Four of the 12 (33%) who had experienced an episode of psychosis had a learning disability that impacted their independent living. This was the case for only 6% of those who had not experienced psychosis.
There were also higher rates of excess alcohol use and recreational drug use in those who had experienced psychosis (25%, compared to 3%).
Mental health was still a concern for many of those who had not experienced psychotic episodes. Of them, 21% had been diagnosed with other mental health conditions, including anxiety disorders (5%) and complex-post traumatic stress disorder (6%).
There are both environmental and biological factors that increase the risk of psychosis. These factors occur more frequently in this cohort generally and especially within the group who had experienced psychosis.
Men are more likely to experience psychosis than women.
UK data show that Black people are more likely to experience psychosis than White people, as are migrants and children of migrants. Evidence shows that experiencing racism and discrimination has a biological and psychological impact. In addition, people living in more deprived areas are more likely to experience psychosis. Migrants and ethnic minorities are more likely to live in these areas. These findings may be of particular relevance in countries where the majority of young people with perinatally acquired HIV are from ethnic minorities or migrant populations.
“These findings may be of particular relevance in countries where the majority of young people with perinatally acquired HIV are from ethnic minorities or migrant populations.”
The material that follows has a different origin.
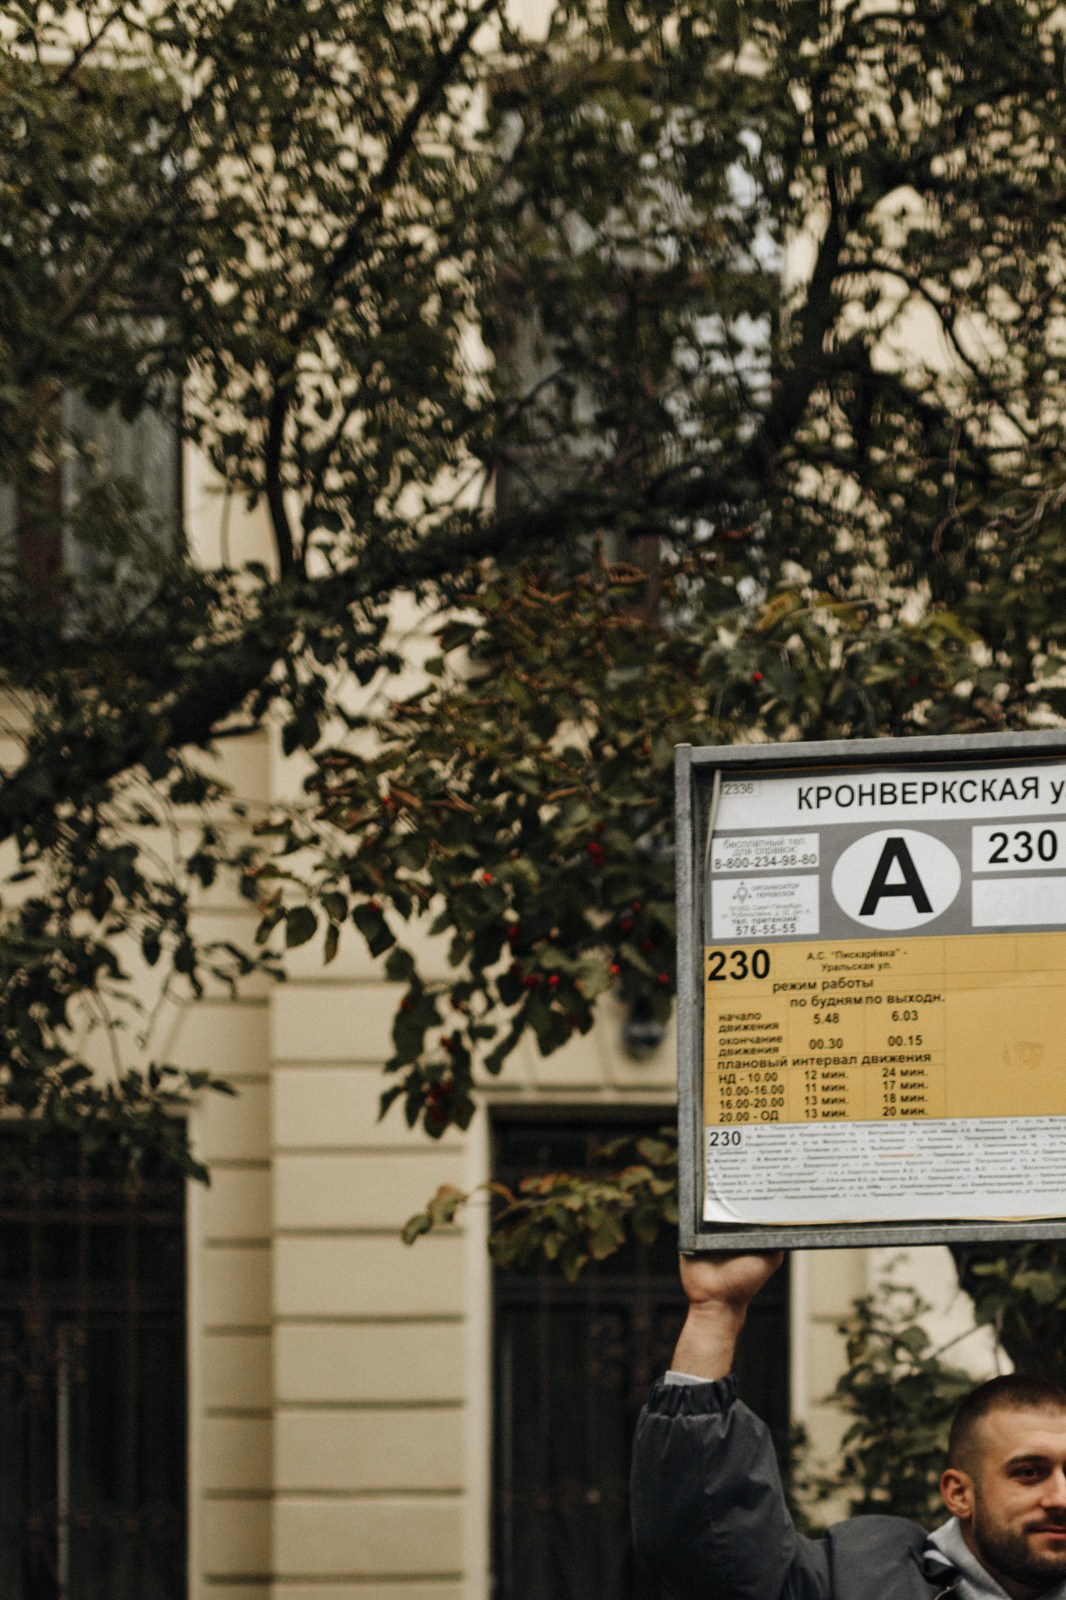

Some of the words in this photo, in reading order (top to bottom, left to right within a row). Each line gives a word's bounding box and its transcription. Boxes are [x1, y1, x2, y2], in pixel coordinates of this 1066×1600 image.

Adverse childhood events, which are traumatic events in childhood, increase a person’s risk of psychosis. In the UK, many young people with perinatally acquired HIV were born before anti-HIV drugs were available and have lost close family members to AIDS-related illnesses.
People with learning disabilities are more likely to experience psychosis than the general population. People with perinatally acquired HIV are known to have poorer functional and biological neurodevelopmental outcomes. There may be different contributing factors for this. HIV is a neurotropic virus, which means it can affect a person’s nervous system and lead to serious complications including HIV encephalopathy, an AIDS-defining condition that is associated with development delay. Opportunistic infections can also affect the central nervous system.
These considerations highlight the importance of a holistic approach and appreciation of the unique experiences of young people born with HIV. This will enable healthcare providers to determine who of their young patients may need specific support for early intervention and referral for specialised mental health services.
The authors conclude that the findings provide an impetus to further investigate this area and integrate HIV and mental health services for young people with HIV. “National data are required to draw firm conclusions,” they say.
The authors conclude: “The risk of developing psychotic episodes must be considered when arranging holistic care, and particularly, access to mental health care, for this vulnerable population with a view to identifying those most at risk and providing early intervention where possible as well as supporting those who do develop psychosis to optimise their physical and mental health outcomes.”